A lo lejos, el Mar del Norte se agitaba, oscuro como un gran abismo, sin límites a la vista. Pero aquí, todo era pacífico y armonioso, nubes de colores se elevaban, grullas inmortales danzaban, hierbas antiguas exudaban fragancia, y la cueva era espléndida.

Habían llegado muchas figuras importantes de todas partes, desde grandes sectas en tierra firme hasta cultivadores errantes de ultramar, todos extremadamente ilustres e imponentes en sus respectivos dominios.

Ye Fan caminaba tomando de la mano a un niño de cinco años, lo que llamaba mucho la atención. Muchos dirigían miradas curiosas hacia él.

No muy lejos, el joven comandante demoníaco que había sido arrastrado por un viejo demonio soltó un suspiro de alivio y dijo: "¿Él es el que escapó del Ojo del Mar, el que en un solo día mató a cinco príncipes del Cuervo Dorado con su arco?"

Sin duda, este era un asesino. Durante los últimos días, todos los cultivadores demoníacos del Mar del Norte habían sido extremadamente cautelosos, temiendo toparse con este dios de la muerte que merodeaba por la zona.

Ye Fan caminaba hacia adentro tomando la mano del niño. Muchos se sorprendieron, no todos lo conocían. Aquí, los escalones eran de jade, y hermosas doncellas llevaban bandejas de jade, entrando y saliendo para servir manjares y vinos preciosos.

"¿Quién es este tipo? No conoce las reglas, trayendo a un niño a un banquete. ¿Qué clase de falta de decoro es esta? ¿Acaso no sabe que aquí solo hay personas de renombre?" Desde un lado, llegó una voz discordante. Un joven con ropas de brocado, abanico en mano, habló.

Había mucha gente entrando y saliendo de la isla. La niebla de colores fluía bajo sus pies, la música celestial sonaba, y el canto y el baile creaban un ambiente festivo. Todos en la zona miraron hacia ellos.

"¿Acaso el Venerable Tortuga Misteriosa dijo que no se podía traer niños?" preguntó Ye Fan a un joven comandante demoníaco cercano, que era el guardia de la isla.

Era un espíritu de tiburón. Hacía un momento había escuchado claramente a un viejo demonio decir que dejaran entrar a este señor, que no lo detuvieran ni le faltaran al respeto, o habría un gran desastre. Este era el famoso azote del que se hablaba últimamente.

Al escuchar la pregunta de Ye Fan, se estremeció y tartamudeó: "No, el Venerable... no dijo nada."

Ye Fan asintió y dijo: "Ya que es así, entraré para felicitarlo. De lo contrario, me daría la vuelta ahora mismo, y no sería apropiado molestar al anfitrión."

El joven comandante demoníaco asintió repetidamente como un pollito picoteando grano, y ordenó a alguien que guiara el camino, mostrando una gran deferencia.

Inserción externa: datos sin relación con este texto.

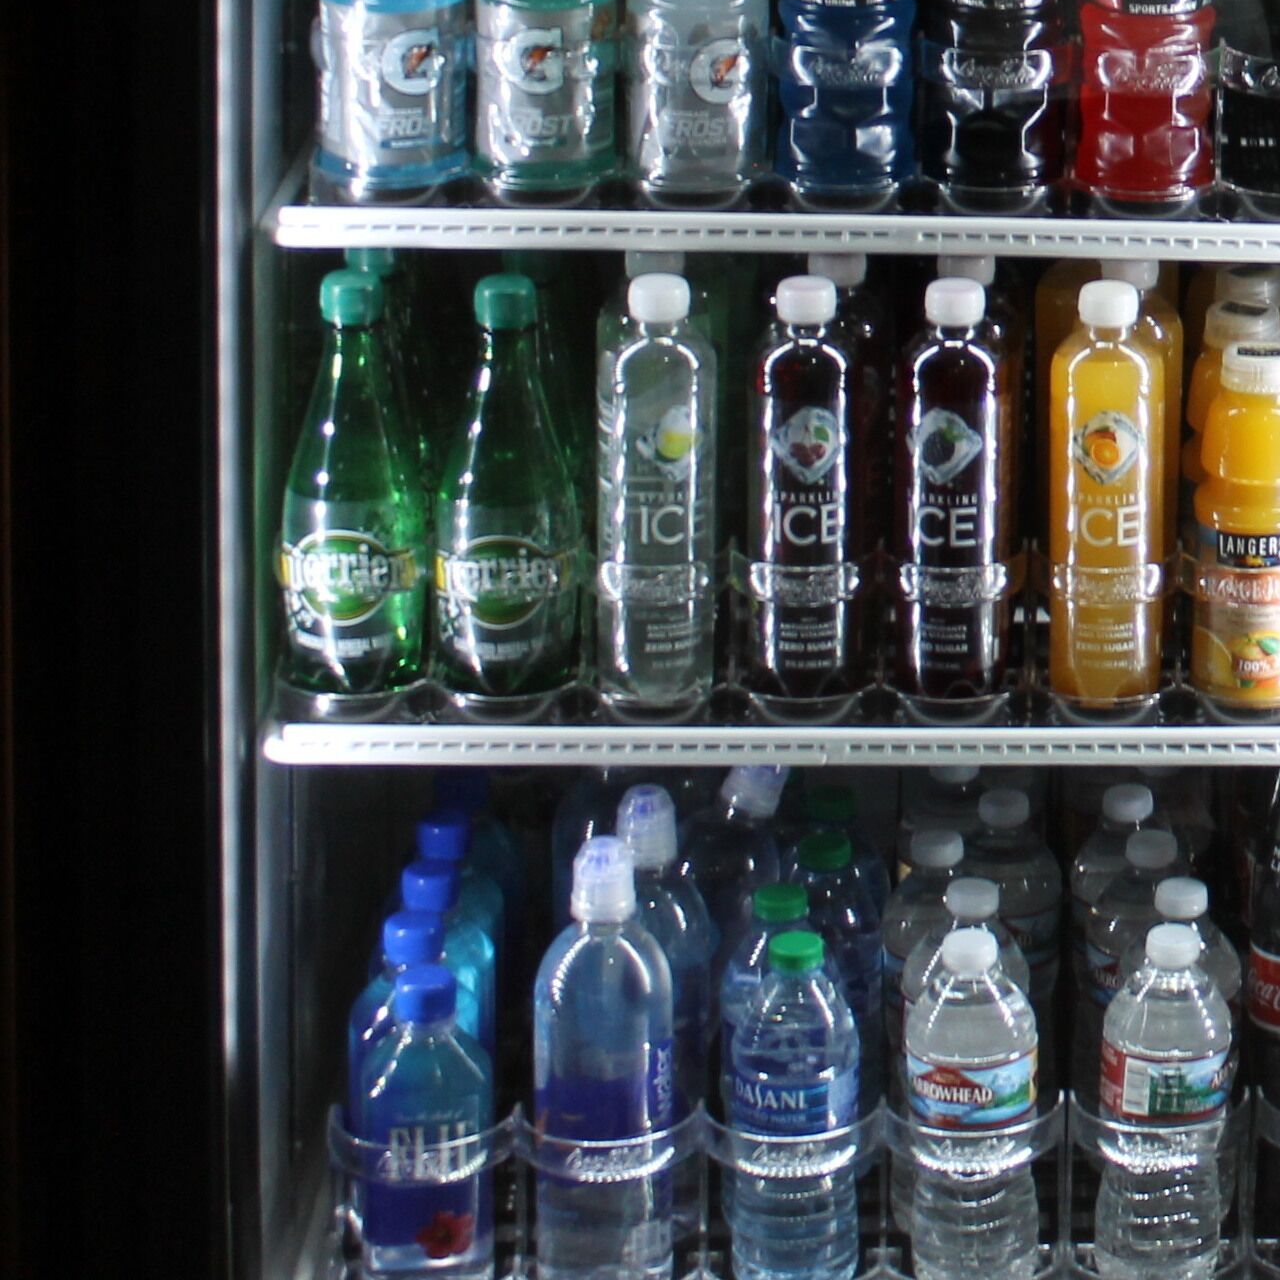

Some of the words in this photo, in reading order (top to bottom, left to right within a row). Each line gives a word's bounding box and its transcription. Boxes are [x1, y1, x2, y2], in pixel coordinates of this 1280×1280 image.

[774, 491, 839, 502] SPARKLIN
[774, 505, 839, 545] ICE
[1079, 505, 1141, 547] CE
[736, 1080, 808, 1110] DASANI
[913, 1075, 993, 1105] ARROWHEAD

Por otro lado, el joven de brocado estaba disgustado. No esperaba que Ye Fan ni siquiera le respondiera, que lo ignorara y solo hablara un par de palabras con un jefe demoníaco.

"En una ocasión como esta, no cualquiera puede entrar, ¿verdad? Después de todo, es muy formal. Los que vienen son maestros o herederos directos de las sectas. Es una regla no escrita. Traer a un niño que aún huele a leche es una gran falta de decoro."

Al escuchar estas palabras ambiguas, Ye Fan se detuvo y miró hacia adelante, diciendo: "El anfitrión de este lugar dice que no hay problema. ¿Quién eres tú para opinar? ¿De dónde sacas tantas reglas? Si quieres darte aires, vuelve a tu propia cueva."

"¡Paf!"
El joven de brocado cerró su abanico y caminó paso a paso hacia adelante, diciendo: "Estoy respetando al Venerable Tortuga Misteriosa. Creo que deberías aprender las reglas de jerarquía de la raza demoníaca."

Sin decir más, se paró en los escalones de jade, bloqueando el camino, con una sonrisa burlona y un aire provocador.

Ye Fan tenía una ligera sonrisa en su rostro. Tomando a Pequeño Tongtong de la mano, avanzó. Con cada paso que daba, aparecían marcas del Dao. En los escalones de jade descendieron augurios de buena fortuna, y el Gran Dao resonaba en armonía.

El joven de brocado palideció al instante. Siendo el heredero de una antigua cueva en el Mar del Norte, dominaba las vastas aguas y era famoso en su época, pero ni siquiera podía acercarse a ese nivel.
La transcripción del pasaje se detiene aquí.